Extracted records »
▬▬▬
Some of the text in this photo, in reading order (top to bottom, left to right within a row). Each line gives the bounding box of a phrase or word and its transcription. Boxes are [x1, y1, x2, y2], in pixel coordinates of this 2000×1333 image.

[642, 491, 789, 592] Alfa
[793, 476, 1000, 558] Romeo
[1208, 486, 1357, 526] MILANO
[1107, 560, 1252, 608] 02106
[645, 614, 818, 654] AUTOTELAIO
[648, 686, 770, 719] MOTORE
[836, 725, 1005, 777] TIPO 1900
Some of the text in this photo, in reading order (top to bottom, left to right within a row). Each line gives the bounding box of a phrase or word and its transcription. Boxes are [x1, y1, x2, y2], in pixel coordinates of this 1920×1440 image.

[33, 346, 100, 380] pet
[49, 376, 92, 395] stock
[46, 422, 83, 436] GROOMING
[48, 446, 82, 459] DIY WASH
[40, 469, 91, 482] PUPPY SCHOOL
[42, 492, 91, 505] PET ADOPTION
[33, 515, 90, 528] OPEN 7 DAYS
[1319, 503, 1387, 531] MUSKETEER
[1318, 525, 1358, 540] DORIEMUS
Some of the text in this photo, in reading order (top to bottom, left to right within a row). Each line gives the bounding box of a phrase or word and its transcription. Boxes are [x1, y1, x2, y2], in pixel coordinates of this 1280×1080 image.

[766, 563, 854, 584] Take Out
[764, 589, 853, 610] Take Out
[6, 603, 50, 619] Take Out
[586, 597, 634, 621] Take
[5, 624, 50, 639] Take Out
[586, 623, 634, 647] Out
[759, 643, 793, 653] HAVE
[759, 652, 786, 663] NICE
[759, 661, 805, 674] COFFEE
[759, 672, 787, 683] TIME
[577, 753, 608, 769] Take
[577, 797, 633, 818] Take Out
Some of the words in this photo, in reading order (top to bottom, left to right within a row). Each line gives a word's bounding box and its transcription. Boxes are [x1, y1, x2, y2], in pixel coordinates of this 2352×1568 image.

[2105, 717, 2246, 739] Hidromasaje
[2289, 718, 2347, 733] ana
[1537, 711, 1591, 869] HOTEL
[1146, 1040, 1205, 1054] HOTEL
▬▬▬
What is being asked » Lines from the one containing "Some of the words" to the last line above, both included: copy these exactly and write nothing else.

Response for this exercise »
Some of the words in this photo, in reading order (top to bottom, left to right within a row). Each line gives a word's bounding box and its transcription. Boxes are [x1, y1, x2, y2], in pixel coordinates of this 2352×1568 image.

[2105, 717, 2246, 739] Hidromasaje
[2289, 718, 2347, 733] ana
[1537, 711, 1591, 869] HOTEL
[1146, 1040, 1205, 1054] HOTEL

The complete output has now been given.